What you should do:
In your copy of the data, keep every word exact and include no pictures.

Stored data entries:
Segment Open

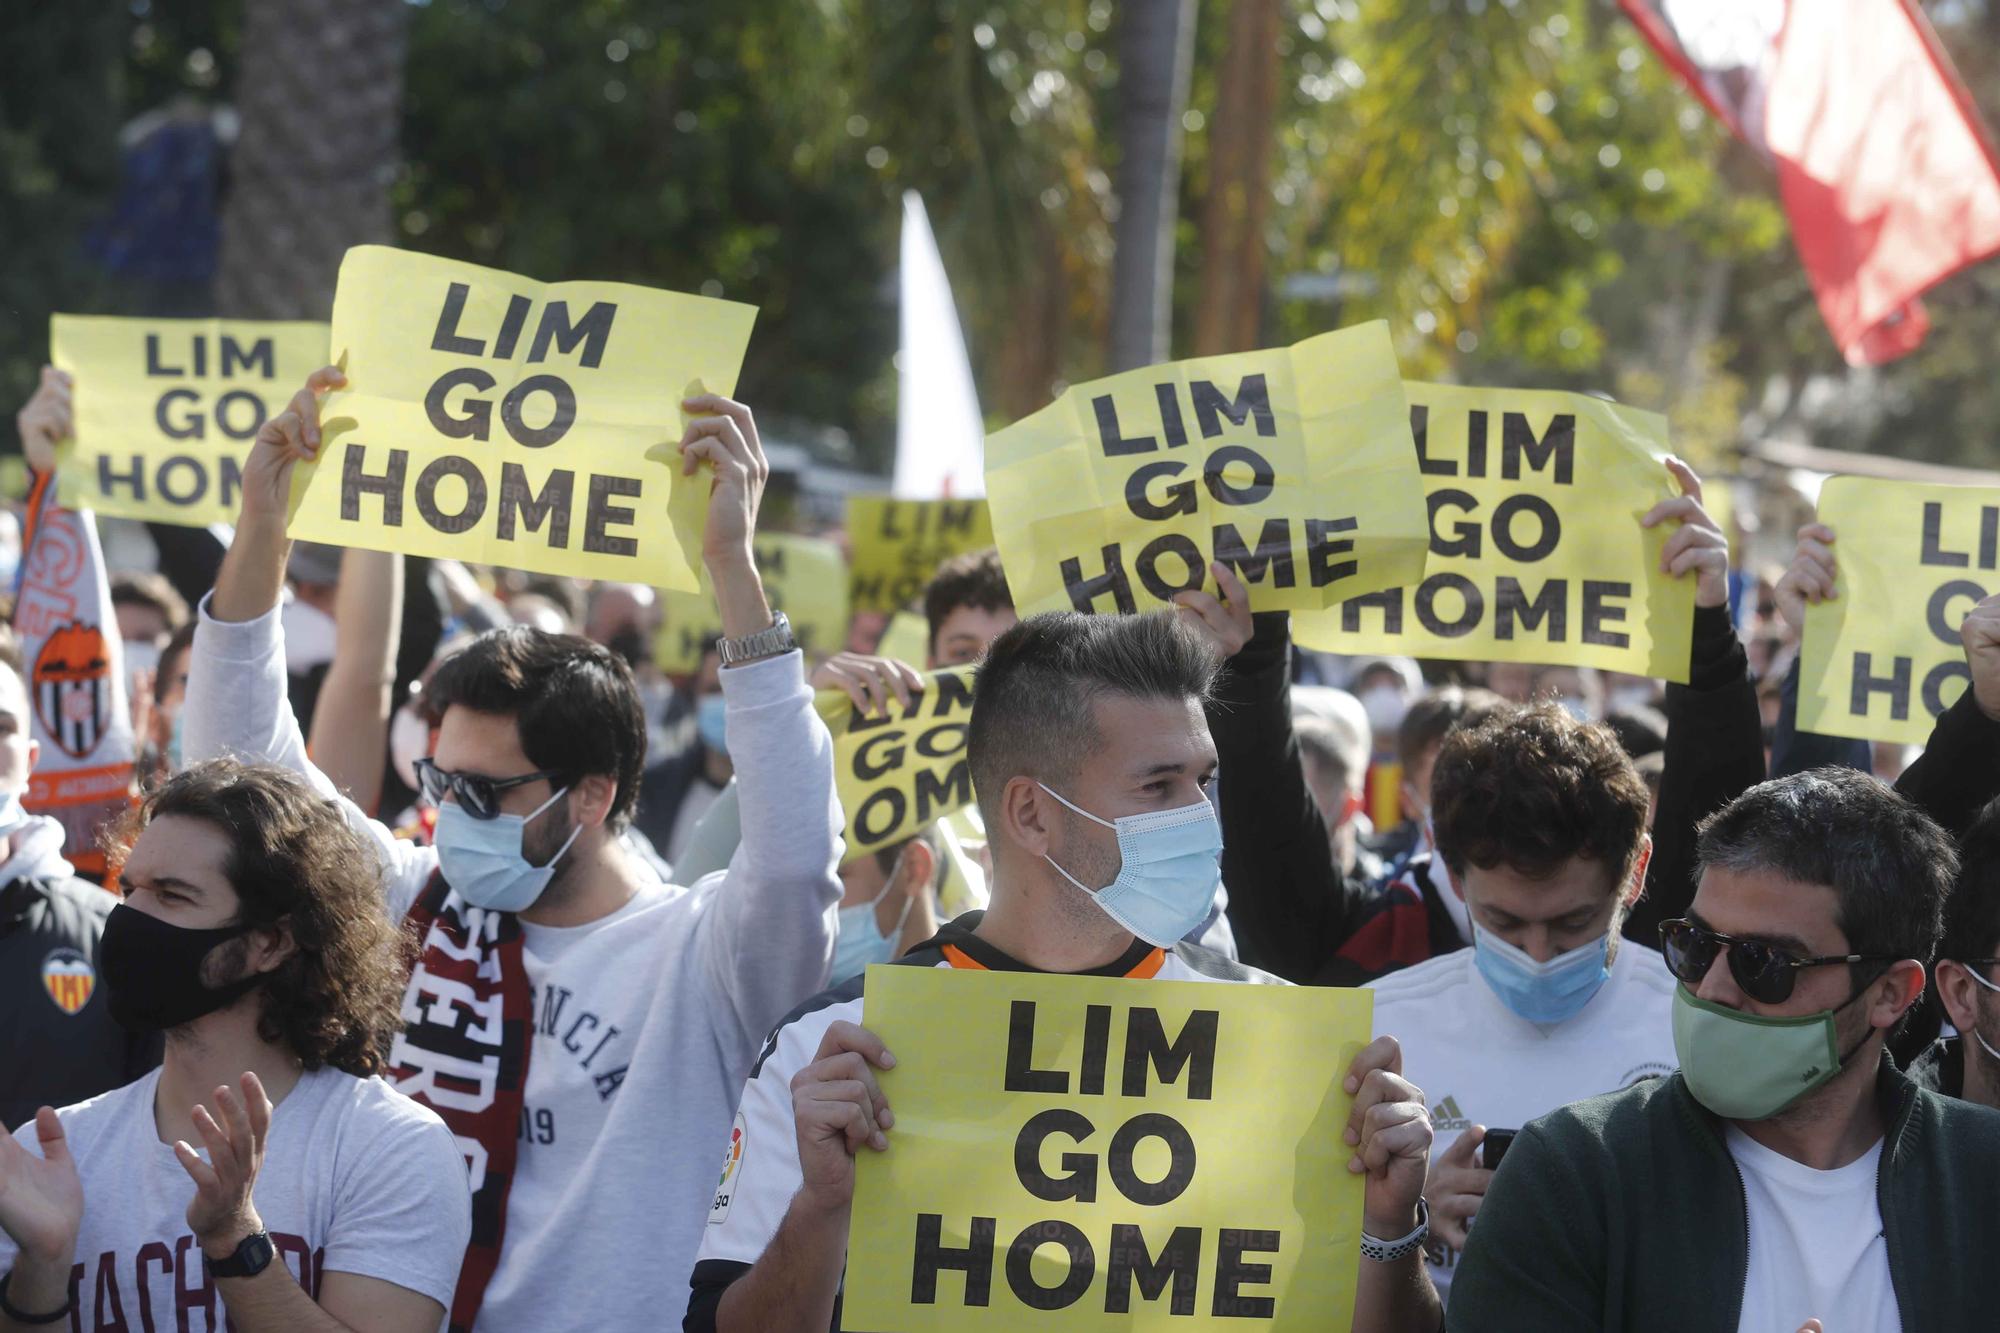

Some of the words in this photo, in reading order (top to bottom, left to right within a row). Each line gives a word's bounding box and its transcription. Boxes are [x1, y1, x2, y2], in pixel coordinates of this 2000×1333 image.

[146, 334, 275, 379] LIM
[431, 283, 618, 369] LIM
[154, 388, 266, 441] GO
[424, 368, 577, 449] GO
[1092, 373, 1277, 457] LIM
[1410, 404, 1576, 486] LIM
[97, 454, 243, 508] HO
[341, 444, 643, 558] HOME
[1125, 446, 1276, 521] GO
[1426, 488, 1561, 564] GO
[1920, 501, 2000, 570] LI
[1060, 517, 1359, 615] HOME
[1342, 571, 1632, 649] HOME
[1926, 579, 1989, 646] G
[1850, 652, 1974, 721] HO
[853, 722, 970, 782] GO
[854, 758, 972, 846] OM
[530, 983, 630, 1102] NCIA
[1004, 1000, 1220, 1101] LIM
[519, 1106, 555, 1144] 19
[1014, 1109, 1197, 1207] GO
[1430, 1119, 1472, 1131] didas
[911, 1213, 1281, 1319] HOME
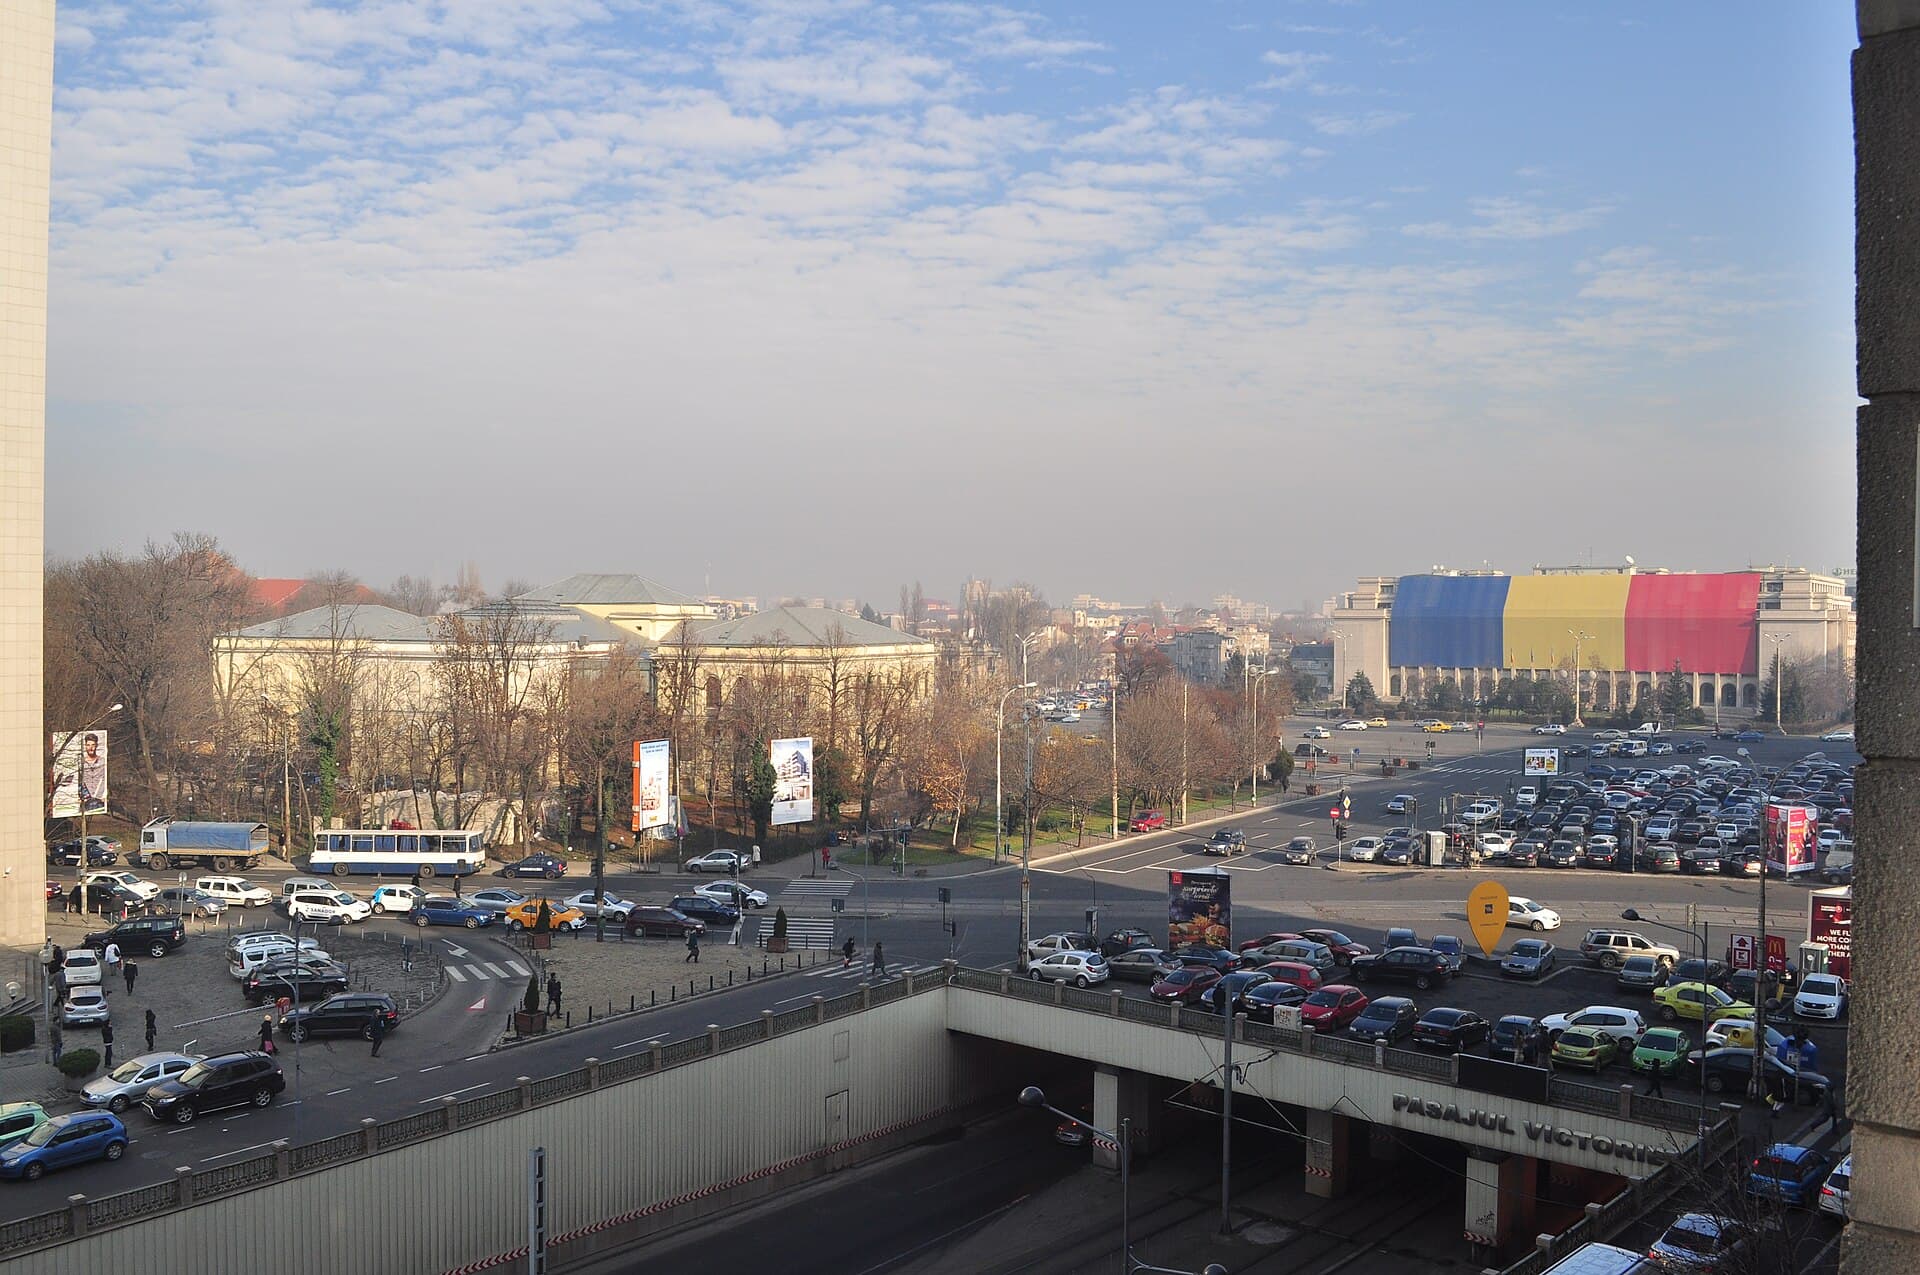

Segment Closed

Answer for this exercise:
Some of the words in this photo, in reading order (top to bottom, left to right within a row). Each line gives a word's bounding box and its transcription. Boxes are [x1, y1, x2, y2], in pixel coordinates of this 2000×1333 image.

[146, 334, 275, 379] LIM
[431, 283, 618, 369] LIM
[154, 388, 266, 441] GO
[424, 368, 577, 449] GO
[1092, 373, 1277, 457] LIM
[1410, 404, 1576, 486] LIM
[97, 454, 243, 508] HO
[341, 444, 643, 558] HOME
[1125, 446, 1276, 521] GO
[1426, 488, 1561, 564] GO
[1920, 501, 2000, 570] LI
[1060, 517, 1359, 615] HOME
[1342, 571, 1632, 649] HOME
[1926, 579, 1989, 646] G
[1850, 652, 1974, 721] HO
[853, 722, 970, 782] GO
[854, 758, 972, 846] OM
[530, 983, 630, 1102] NCIA
[1004, 1000, 1220, 1101] LIM
[519, 1106, 555, 1144] 19
[1014, 1109, 1197, 1207] GO
[1430, 1119, 1472, 1131] didas
[911, 1213, 1281, 1319] HOME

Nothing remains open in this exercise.